*** LISTED RECORDS
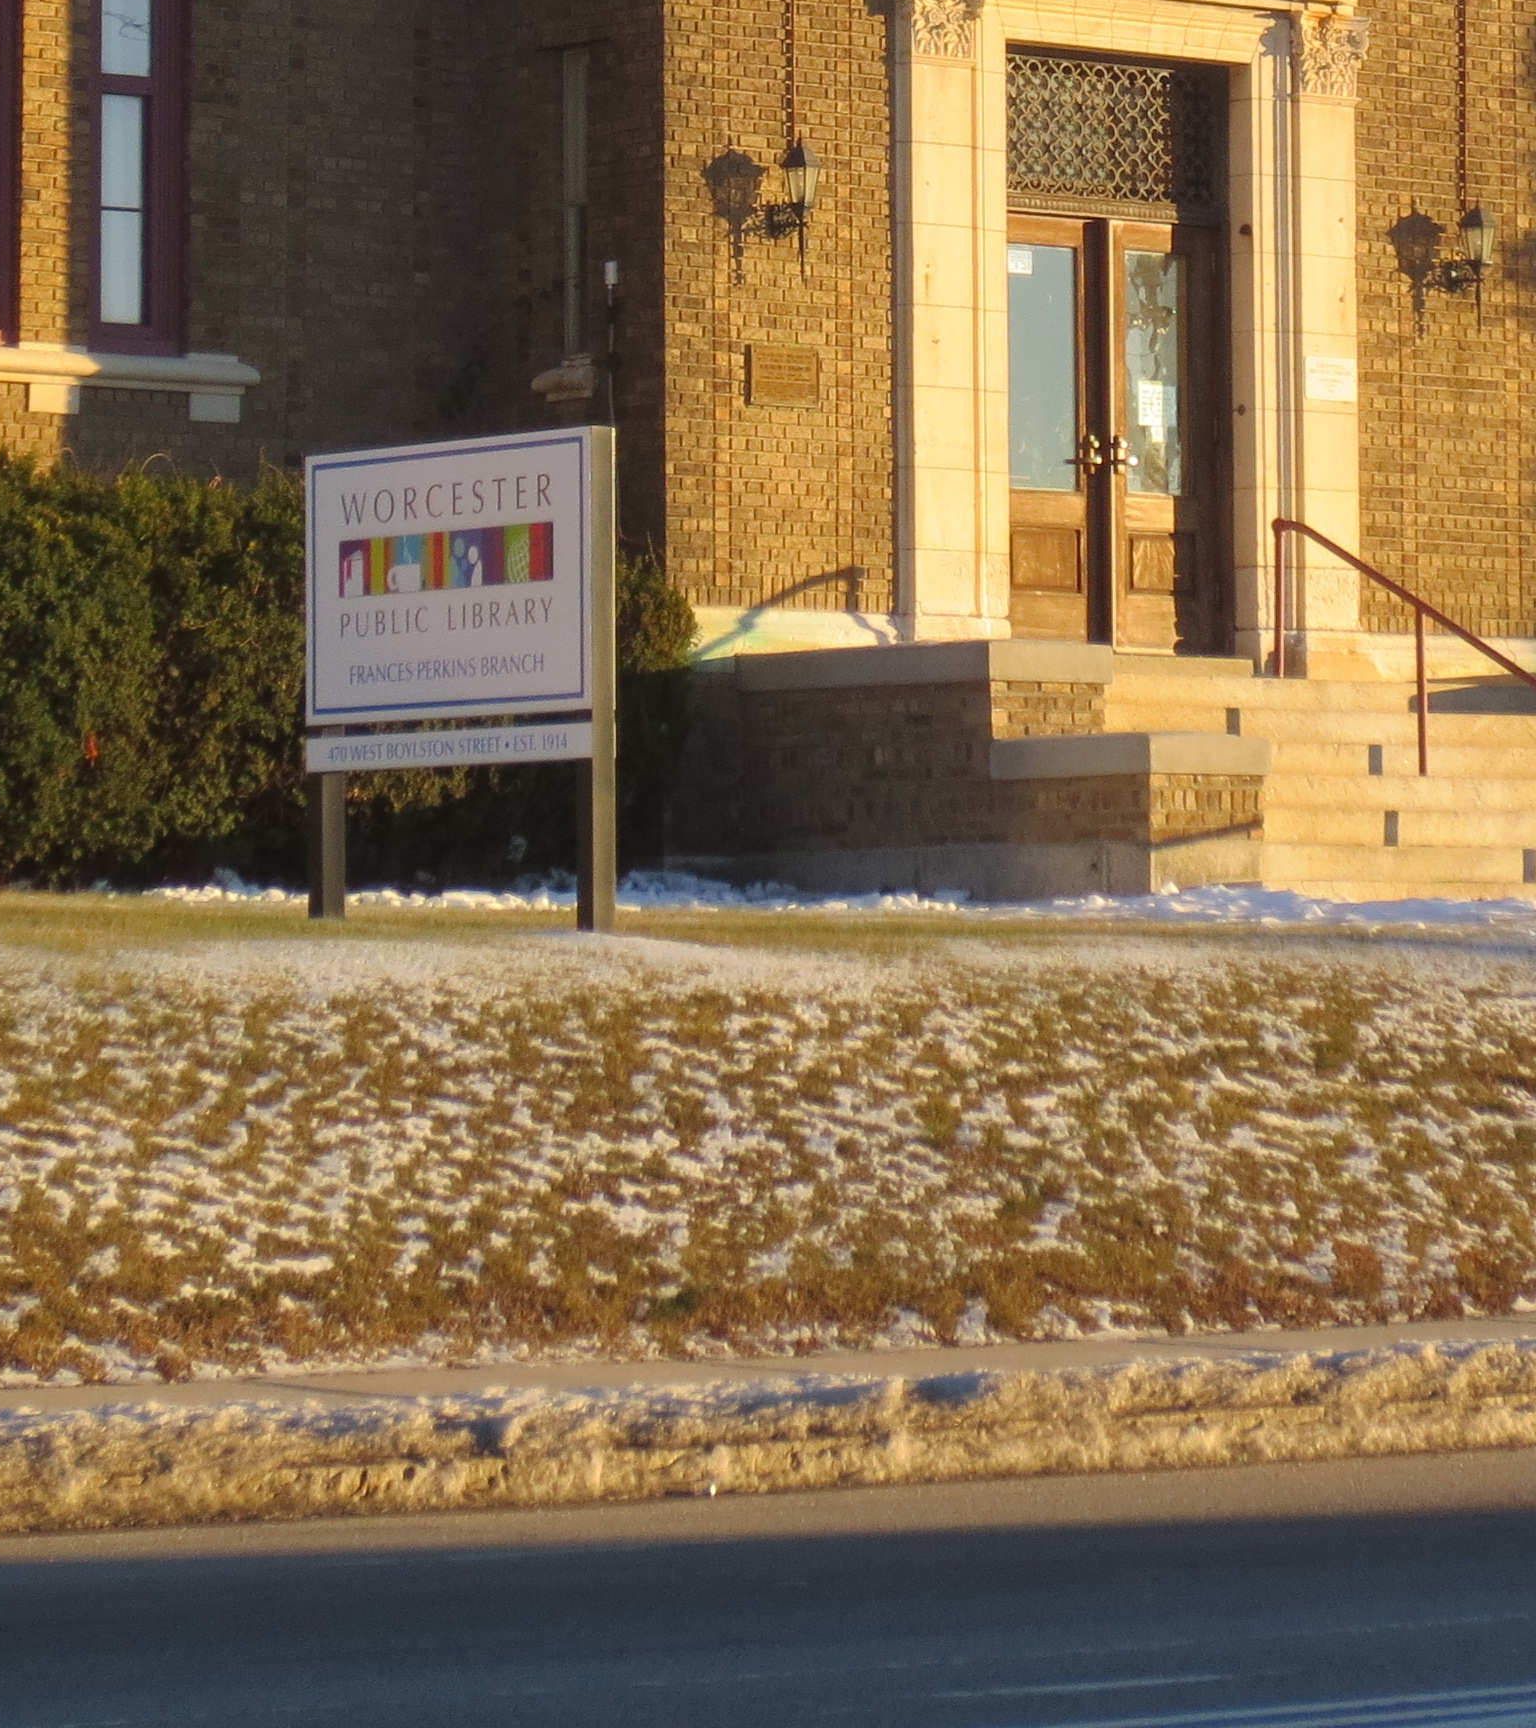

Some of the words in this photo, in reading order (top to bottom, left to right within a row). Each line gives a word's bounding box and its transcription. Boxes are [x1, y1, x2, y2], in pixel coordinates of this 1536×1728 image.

[341, 473, 552, 526] WORCESTER
[340, 605, 429, 638] PUBLIC
[447, 597, 553, 631] LIBRARY
[349, 661, 413, 685] FRANCES
[417, 655, 476, 680] PERKINS
[481, 652, 545, 677] BRANCH
[328, 746, 348, 762] 470
[350, 743, 383, 761] WEST
[386, 738, 454, 760] BOYLSTON
[458, 735, 501, 755] STREET
[513, 734, 538, 752] EST.
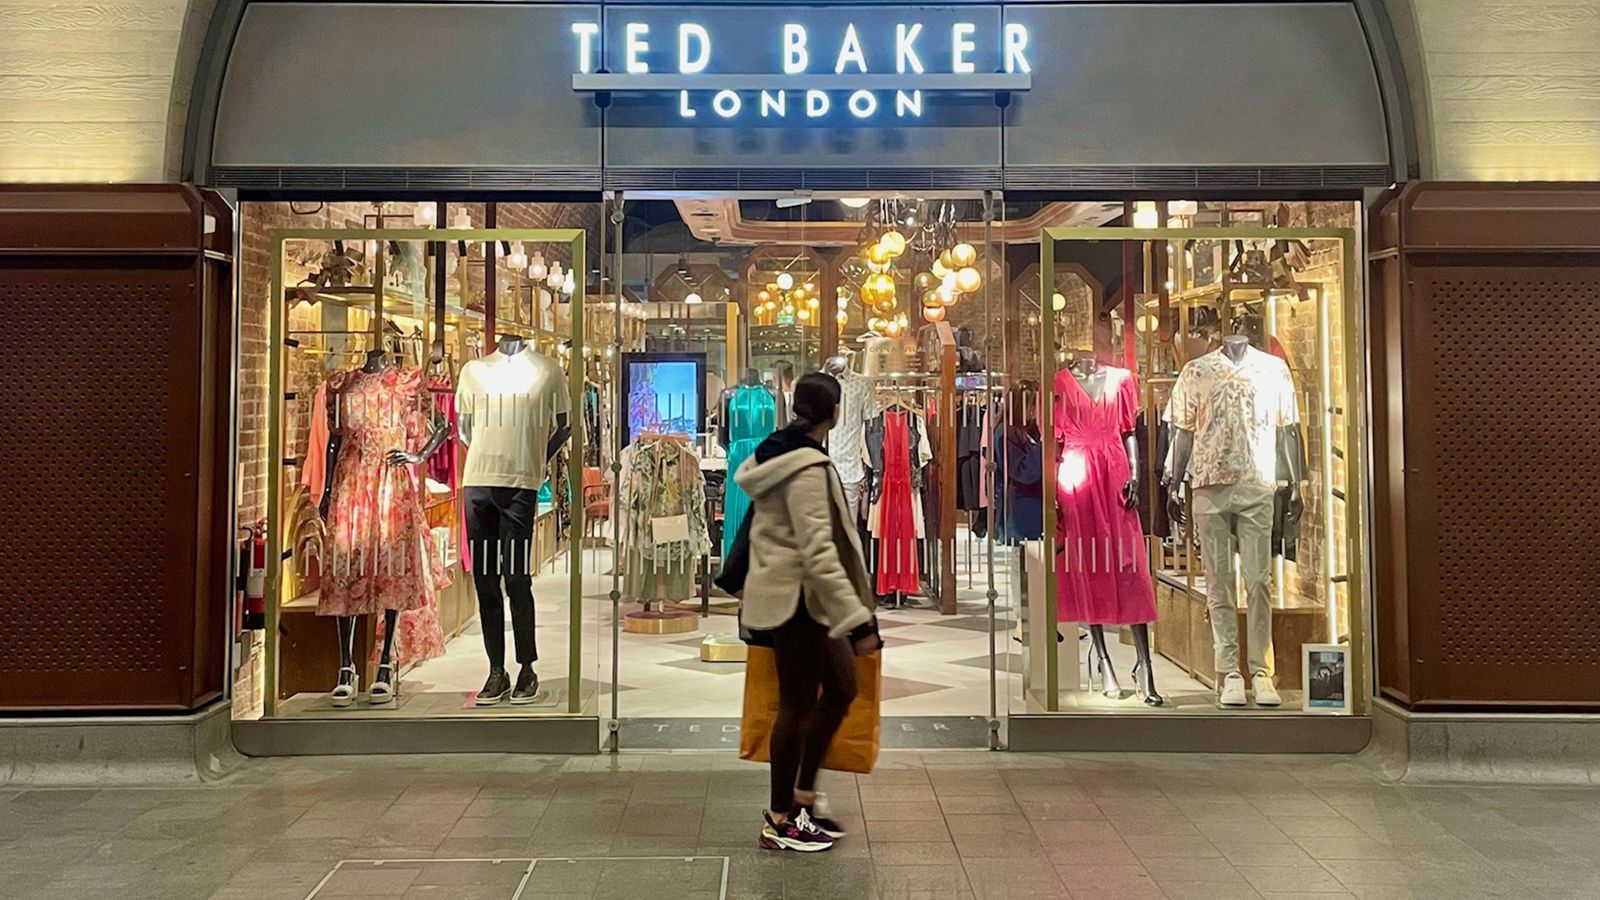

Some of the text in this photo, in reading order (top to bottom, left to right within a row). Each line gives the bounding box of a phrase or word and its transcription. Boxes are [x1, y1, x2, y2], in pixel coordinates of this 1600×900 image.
******
**WHAT TO DO**
Go through the listing and restate each line word for word, leaving out the pictures.

**OUTPUT BELOW**
Some of the words in this photo, in reading order (top to bottom, left to right within a row). Each line gives a word's bounding box and its transcription. Boxes are [x1, y1, x2, y2], in pixel coordinates of this 1536×1728 image.

[341, 473, 552, 526] WORCESTER
[340, 605, 429, 638] PUBLIC
[447, 597, 553, 631] LIBRARY
[349, 661, 413, 685] FRANCES
[417, 655, 476, 680] PERKINS
[481, 652, 545, 677] BRANCH
[328, 746, 348, 762] 470
[350, 743, 383, 761] WEST
[386, 738, 454, 760] BOYLSTON
[458, 735, 501, 755] STREET
[513, 734, 538, 752] EST.

Some of the text in this photo, in reading order (top to bottom, left to right within a row). Each line gives the bounding box of a phrase or word and its transcription. Boxes are [x1, y1, x2, y2], in pixel coordinates of this 1600×900 image.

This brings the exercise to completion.